Create or revive a dashboard for the Search Platform team (formerly Discovery) that includes the below metrics, and the question we are trying to answer with them:

  1. Be able to filter by the following dimensions: platform (Desktop, Mobile Web, Android, iOS); bot vs non-bot, language
    • What do included metrics look like when we segment users/queries?
  2. Search Engagement (= number and percentage of queries with a dwell time > 10 seconds) [note to self: Search Engagement formerly known as Search Satisfaction/User Engagement].
    • Are users finding full text search results relevant/useful?
  3. Number and percentage of full-text searches, "Go" box, morelike, autocomplete searches
    • What type of searches are being used?
  4. Average click position of clicked on search result (num_click_sessions) & dwelt on click through (num_checkin_sessions)
    • How far down the list of results was the result that the searcher clicked/dwelt on? How good is our relevancy ranking?
  5. Number and percentage of abandoned sessions.
    • How many users are unsatisfied with search results that they are leaving?
  6. Number of WDQS time outs [out of scope for prod-analytics team]
    • How often is Wikidata Query Service failing to return results for a user's query?
  7. Number and percentage of queries with "did you mean" suggestions.
    • How well are we accommodating imprecise search queries?
  8. Number and percentage of "did you mean" suggestions clicked on.
    • Are relevant are our results for imprecise search queries?
  9. Number of requests to WDQS and Linked Data Fragments, dumps, mediawiki APIs [out of scope for prod analytics team]
    • What services are people using to get data from Wikidata?
  10. Number and percentage of zero results
    • What happened (recently) that may have drastically affected how many queries are returning zero results?
  11. Top queries and top keywords
    • Are there any common query patterns worth doing anything about?
  12. Top returned documents (articles) and top clicked through documents
    • Are there patterns in specific search results that are worth doing anything about?
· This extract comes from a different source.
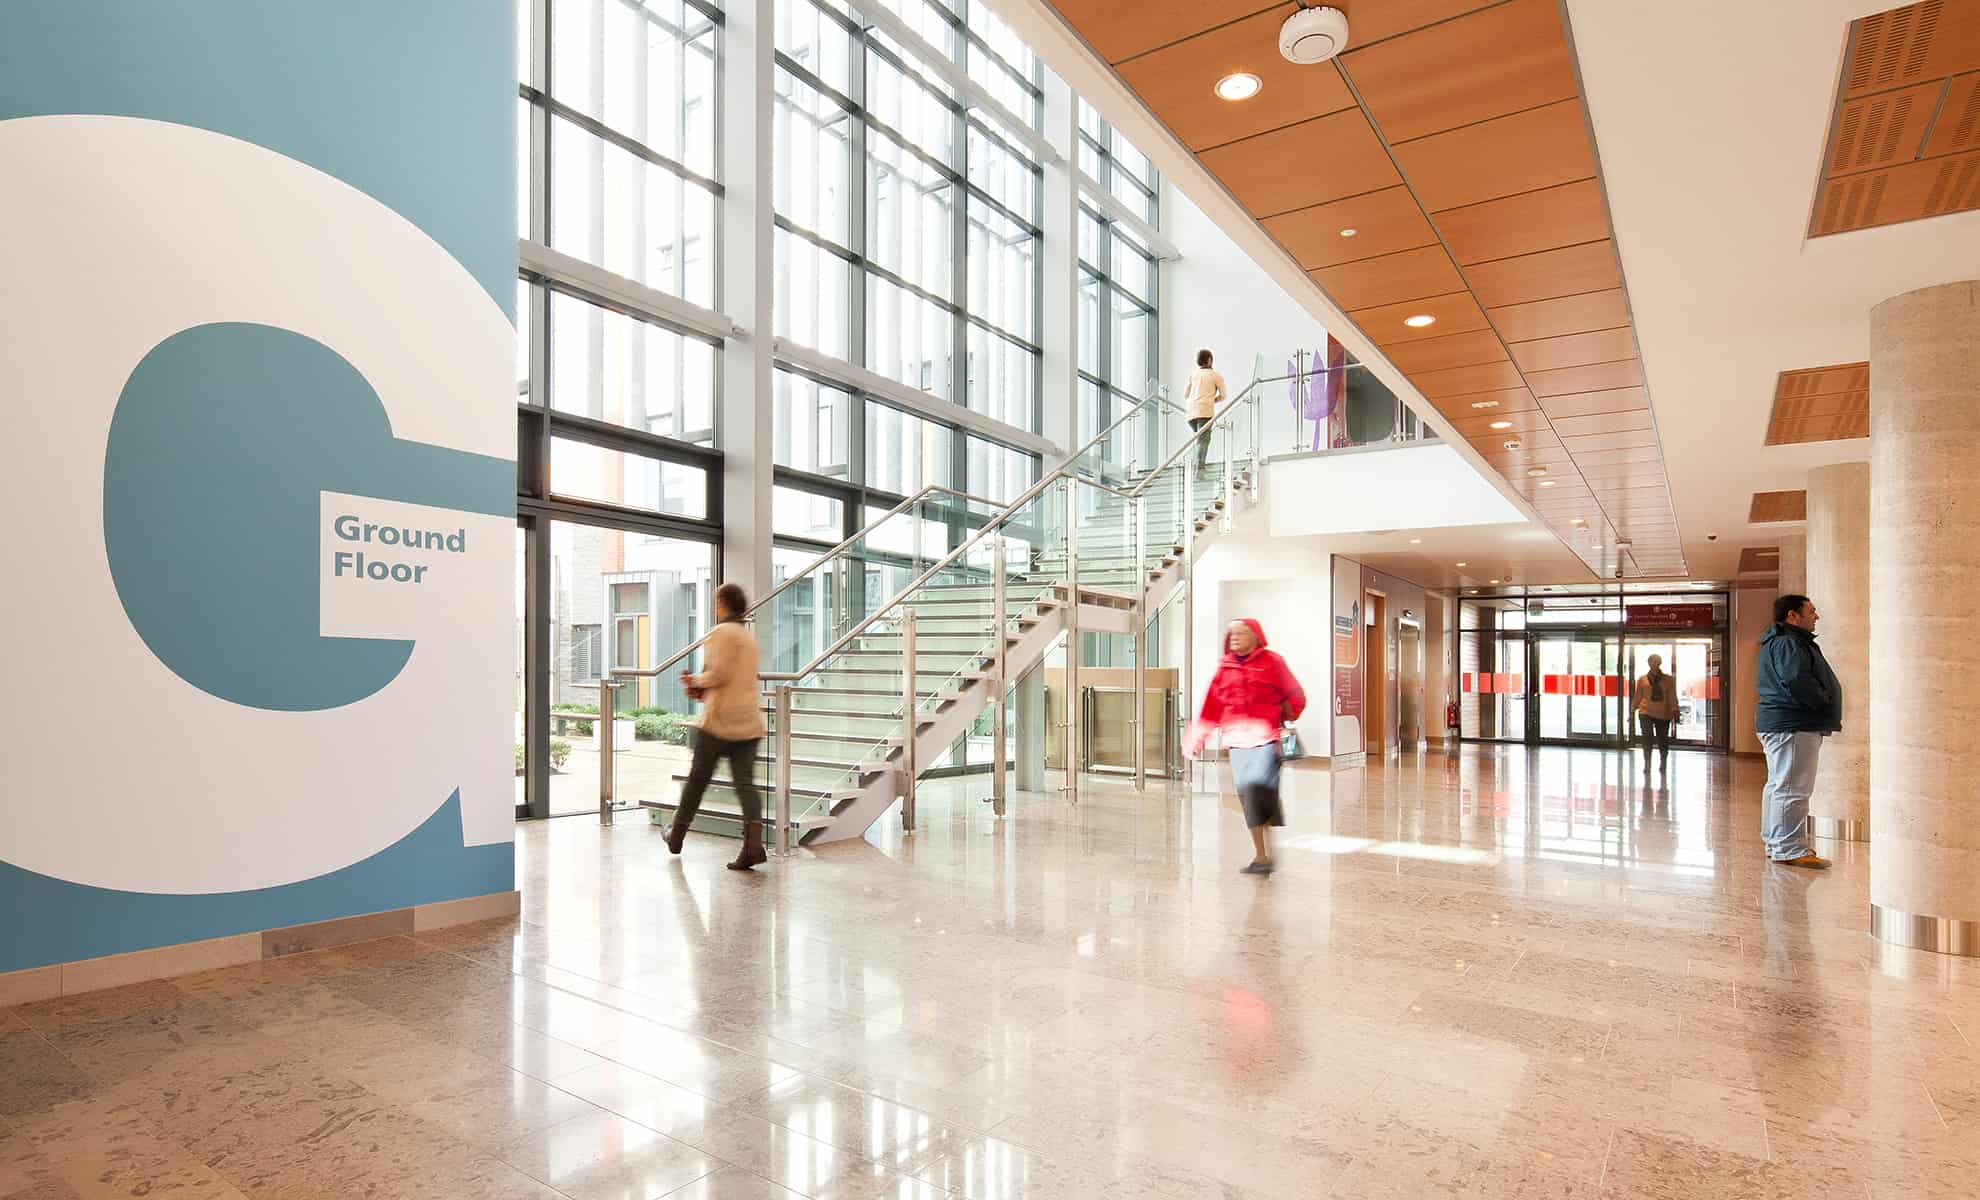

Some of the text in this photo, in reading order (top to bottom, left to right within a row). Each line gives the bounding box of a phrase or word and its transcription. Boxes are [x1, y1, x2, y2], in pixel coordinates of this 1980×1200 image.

[0, 114, 518, 895] G
[334, 515, 465, 552] Ground
[334, 552, 428, 583] Floor
We have excluded any metrics that would require building a new thing: i.e. a "smiley face" search satisfaction survey that would need to be built.

Meta-requests
Search Platform currently lacks analyst support in two major ways:

  1. Technical. Legacy bespoke dashboards were built in shiny and R and the team lacks the current resources and technical expertise to maintain this code ourselves.
  2. Data expertise. The team is able to do rudimentary data analysis, but lacks the expertise to really validate statistical significance, whether we are capturing the right signals to test our hypotheses, etc.

Even if a dashboard were to be built for us, it runs the risk of growing stale and obsolete without the ability to actively maintain/tune it, which we are unable to do on our own. To ensure long-term value and avoid wasted effort in constantly (re)building dashboards that grow stale, it would be ideal to have access to resources to help us maintain our metrics in the long term.


Include relevant timelines/deadlines, OKRs
we would like to have this in time for the next quarterly planning cycle

How will you use this data product?
To understand what Search performance/features/functionality looks like in production, and discover and prioritize future Search Platform team work.

Is this request urgent or time sensitive?
no

Details

Other Assignee
nettrom_WMF

Event Timeline

Hi @MPhamWMF! My team will triage and prioritize this on Tuesday, April 6th. To help with that, can you please provide some additional details to the prompts I added in the description? Thanks!

Thanks @mpopov! I filled out the additional requested details. Please let me know if you need more description!

kzimmerman added a subscriber: kzimmerman.

Most of this will need to wait until we can hire an analyst to support Search, but we'll look into what we can provide in the near term

MPhamWMF updated the task description. (Show Details)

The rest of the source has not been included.